(Stored data)
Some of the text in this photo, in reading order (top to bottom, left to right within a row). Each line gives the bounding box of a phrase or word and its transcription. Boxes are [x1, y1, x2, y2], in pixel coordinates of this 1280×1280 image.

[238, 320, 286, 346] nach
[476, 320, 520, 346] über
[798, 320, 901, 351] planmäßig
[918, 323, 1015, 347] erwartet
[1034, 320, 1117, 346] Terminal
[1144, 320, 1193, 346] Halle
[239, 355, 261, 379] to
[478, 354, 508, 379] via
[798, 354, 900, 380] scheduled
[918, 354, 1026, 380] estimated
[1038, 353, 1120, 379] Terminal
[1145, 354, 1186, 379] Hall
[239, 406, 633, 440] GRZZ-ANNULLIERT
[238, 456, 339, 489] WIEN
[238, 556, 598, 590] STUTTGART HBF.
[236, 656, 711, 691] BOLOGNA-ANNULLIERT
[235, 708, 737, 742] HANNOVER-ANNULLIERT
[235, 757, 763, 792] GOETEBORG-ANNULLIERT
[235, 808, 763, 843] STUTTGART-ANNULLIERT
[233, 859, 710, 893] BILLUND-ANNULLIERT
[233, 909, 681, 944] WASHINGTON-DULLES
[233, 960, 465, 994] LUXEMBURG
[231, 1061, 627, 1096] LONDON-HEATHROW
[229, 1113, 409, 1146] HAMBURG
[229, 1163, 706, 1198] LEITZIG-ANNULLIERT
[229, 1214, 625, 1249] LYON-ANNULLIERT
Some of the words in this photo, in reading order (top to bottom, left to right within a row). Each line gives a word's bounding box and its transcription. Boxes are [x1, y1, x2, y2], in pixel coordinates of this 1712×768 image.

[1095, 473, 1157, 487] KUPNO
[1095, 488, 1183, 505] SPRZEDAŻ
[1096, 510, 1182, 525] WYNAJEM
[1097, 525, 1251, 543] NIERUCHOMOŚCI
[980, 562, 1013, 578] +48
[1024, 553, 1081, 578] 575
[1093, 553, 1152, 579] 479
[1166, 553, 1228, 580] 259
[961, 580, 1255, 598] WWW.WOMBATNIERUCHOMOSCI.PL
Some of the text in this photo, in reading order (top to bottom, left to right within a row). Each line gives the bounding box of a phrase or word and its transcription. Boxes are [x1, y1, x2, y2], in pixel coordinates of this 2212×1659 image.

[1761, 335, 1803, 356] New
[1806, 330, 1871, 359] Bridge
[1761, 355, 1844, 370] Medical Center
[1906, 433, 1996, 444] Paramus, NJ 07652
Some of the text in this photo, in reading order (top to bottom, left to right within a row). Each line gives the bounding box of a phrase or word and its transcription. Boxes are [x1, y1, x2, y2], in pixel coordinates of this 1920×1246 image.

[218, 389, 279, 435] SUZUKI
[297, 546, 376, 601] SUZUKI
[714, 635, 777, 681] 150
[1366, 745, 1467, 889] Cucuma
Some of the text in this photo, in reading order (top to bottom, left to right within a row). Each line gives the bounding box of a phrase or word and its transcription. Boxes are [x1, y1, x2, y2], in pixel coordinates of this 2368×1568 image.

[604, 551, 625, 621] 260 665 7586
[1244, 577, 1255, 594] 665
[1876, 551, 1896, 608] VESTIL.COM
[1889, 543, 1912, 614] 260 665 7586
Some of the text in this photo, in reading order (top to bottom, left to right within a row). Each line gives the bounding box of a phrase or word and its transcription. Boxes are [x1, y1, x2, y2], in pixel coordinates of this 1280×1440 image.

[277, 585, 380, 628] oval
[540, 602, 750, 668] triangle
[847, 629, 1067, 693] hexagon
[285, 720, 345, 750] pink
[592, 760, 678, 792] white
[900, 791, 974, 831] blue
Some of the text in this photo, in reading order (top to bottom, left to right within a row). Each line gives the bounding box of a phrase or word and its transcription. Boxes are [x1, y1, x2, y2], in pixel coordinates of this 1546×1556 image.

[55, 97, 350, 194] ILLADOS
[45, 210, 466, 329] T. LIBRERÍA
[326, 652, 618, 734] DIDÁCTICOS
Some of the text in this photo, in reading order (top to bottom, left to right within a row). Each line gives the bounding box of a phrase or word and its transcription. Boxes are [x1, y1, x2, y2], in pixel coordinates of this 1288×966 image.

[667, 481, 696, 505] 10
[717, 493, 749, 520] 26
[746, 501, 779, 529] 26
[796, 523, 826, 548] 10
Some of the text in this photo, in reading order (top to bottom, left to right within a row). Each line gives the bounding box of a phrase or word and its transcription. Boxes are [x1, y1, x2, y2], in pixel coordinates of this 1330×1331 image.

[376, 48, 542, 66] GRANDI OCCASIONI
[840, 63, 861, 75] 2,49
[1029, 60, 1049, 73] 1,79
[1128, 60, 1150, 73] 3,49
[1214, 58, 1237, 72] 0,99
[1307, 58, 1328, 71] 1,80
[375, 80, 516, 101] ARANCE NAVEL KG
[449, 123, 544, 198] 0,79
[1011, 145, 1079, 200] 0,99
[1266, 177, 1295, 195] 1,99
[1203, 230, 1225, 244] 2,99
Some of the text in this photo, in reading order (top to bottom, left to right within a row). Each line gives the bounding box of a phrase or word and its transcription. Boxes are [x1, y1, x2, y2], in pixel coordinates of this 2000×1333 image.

#### Task:
Could you repeat every record above exactly as it is written?

#### Solution to the exercise:
Some of the text in this photo, in reading order (top to bottom, left to right within a row). Each line gives the bounding box of a phrase or word and its transcription. Boxes are [x1, y1, x2, y2], in pixel coordinates of this 1280×1280 image.

[238, 320, 286, 346] nach
[476, 320, 520, 346] über
[798, 320, 901, 351] planmäßig
[918, 323, 1015, 347] erwartet
[1034, 320, 1117, 346] Terminal
[1144, 320, 1193, 346] Halle
[239, 355, 261, 379] to
[478, 354, 508, 379] via
[798, 354, 900, 380] scheduled
[918, 354, 1026, 380] estimated
[1038, 353, 1120, 379] Terminal
[1145, 354, 1186, 379] Hall
[239, 406, 633, 440] GRZZ-ANNULLIERT
[238, 456, 339, 489] WIEN
[238, 556, 598, 590] STUTTGART HBF.
[236, 656, 711, 691] BOLOGNA-ANNULLIERT
[235, 708, 737, 742] HANNOVER-ANNULLIERT
[235, 757, 763, 792] GOETEBORG-ANNULLIERT
[235, 808, 763, 843] STUTTGART-ANNULLIERT
[233, 859, 710, 893] BILLUND-ANNULLIERT
[233, 909, 681, 944] WASHINGTON-DULLES
[233, 960, 465, 994] LUXEMBURG
[231, 1061, 627, 1096] LONDON-HEATHROW
[229, 1113, 409, 1146] HAMBURG
[229, 1163, 706, 1198] LEITZIG-ANNULLIERT
[229, 1214, 625, 1249] LYON-ANNULLIERT
Some of the words in this photo, in reading order (top to bottom, left to right within a row). Each line gives a word's bounding box and its transcription. Boxes are [x1, y1, x2, y2], in pixel coordinates of this 1712×768 image.

[1095, 473, 1157, 487] KUPNO
[1095, 488, 1183, 505] SPRZEDAŻ
[1096, 510, 1182, 525] WYNAJEM
[1097, 525, 1251, 543] NIERUCHOMOŚCI
[980, 562, 1013, 578] +48
[1024, 553, 1081, 578] 575
[1093, 553, 1152, 579] 479
[1166, 553, 1228, 580] 259
[961, 580, 1255, 598] WWW.WOMBATNIERUCHOMOSCI.PL
Some of the text in this photo, in reading order (top to bottom, left to right within a row). Each line gives the bounding box of a phrase or word and its transcription. Boxes are [x1, y1, x2, y2], in pixel coordinates of this 2212×1659 image.

[1761, 335, 1803, 356] New
[1806, 330, 1871, 359] Bridge
[1761, 355, 1844, 370] Medical Center
[1906, 433, 1996, 444] Paramus, NJ 07652
Some of the text in this photo, in reading order (top to bottom, left to right within a row). Each line gives the bounding box of a phrase or word and its transcription. Boxes are [x1, y1, x2, y2], in pixel coordinates of this 1920×1246 image.

[218, 389, 279, 435] SUZUKI
[297, 546, 376, 601] SUZUKI
[714, 635, 777, 681] 150
[1366, 745, 1467, 889] Cucuma
Some of the text in this photo, in reading order (top to bottom, left to right within a row). Each line gives the bounding box of a phrase or word and its transcription. Boxes are [x1, y1, x2, y2], in pixel coordinates of this 2368×1568 image.

[604, 551, 625, 621] 260 665 7586
[1244, 577, 1255, 594] 665
[1876, 551, 1896, 608] VESTIL.COM
[1889, 543, 1912, 614] 260 665 7586
Some of the text in this photo, in reading order (top to bottom, left to right within a row). Each line gives the bounding box of a phrase or word and its transcription. Boxes are [x1, y1, x2, y2], in pixel coordinates of this 1280×1440 image.

[277, 585, 380, 628] oval
[540, 602, 750, 668] triangle
[847, 629, 1067, 693] hexagon
[285, 720, 345, 750] pink
[592, 760, 678, 792] white
[900, 791, 974, 831] blue
Some of the text in this photo, in reading order (top to bottom, left to right within a row). Each line gives the bounding box of a phrase or word and its transcription. Boxes are [x1, y1, x2, y2], in pixel coordinates of this 1546×1556 image.

[55, 97, 350, 194] ILLADOS
[45, 210, 466, 329] T. LIBRERÍA
[326, 652, 618, 734] DIDÁCTICOS
Some of the text in this photo, in reading order (top to bottom, left to right within a row). Each line gives the bounding box of a phrase or word and its transcription. Boxes are [x1, y1, x2, y2], in pixel coordinates of this 1288×966 image.

[667, 481, 696, 505] 10
[717, 493, 749, 520] 26
[746, 501, 779, 529] 26
[796, 523, 826, 548] 10
Some of the text in this photo, in reading order (top to bottom, left to right within a row). Each line gives the bounding box of a phrase or word and its transcription. Boxes are [x1, y1, x2, y2], in pixel coordinates of this 1330×1331 image.

[376, 48, 542, 66] GRANDI OCCASIONI
[840, 63, 861, 75] 2,49
[1029, 60, 1049, 73] 1,79
[1128, 60, 1150, 73] 3,49
[1214, 58, 1237, 72] 0,99
[1307, 58, 1328, 71] 1,80
[375, 80, 516, 101] ARANCE NAVEL KG
[449, 123, 544, 198] 0,79
[1011, 145, 1079, 200] 0,99
[1266, 177, 1295, 195] 1,99
[1203, 230, 1225, 244] 2,99
Some of the text in this photo, in reading order (top to bottom, left to right within a row). Each line gives the bounding box of a phrase or word and its transcription. Boxes are [x1, y1, x2, y2], in pixel coordinates of this 2000×1333 image.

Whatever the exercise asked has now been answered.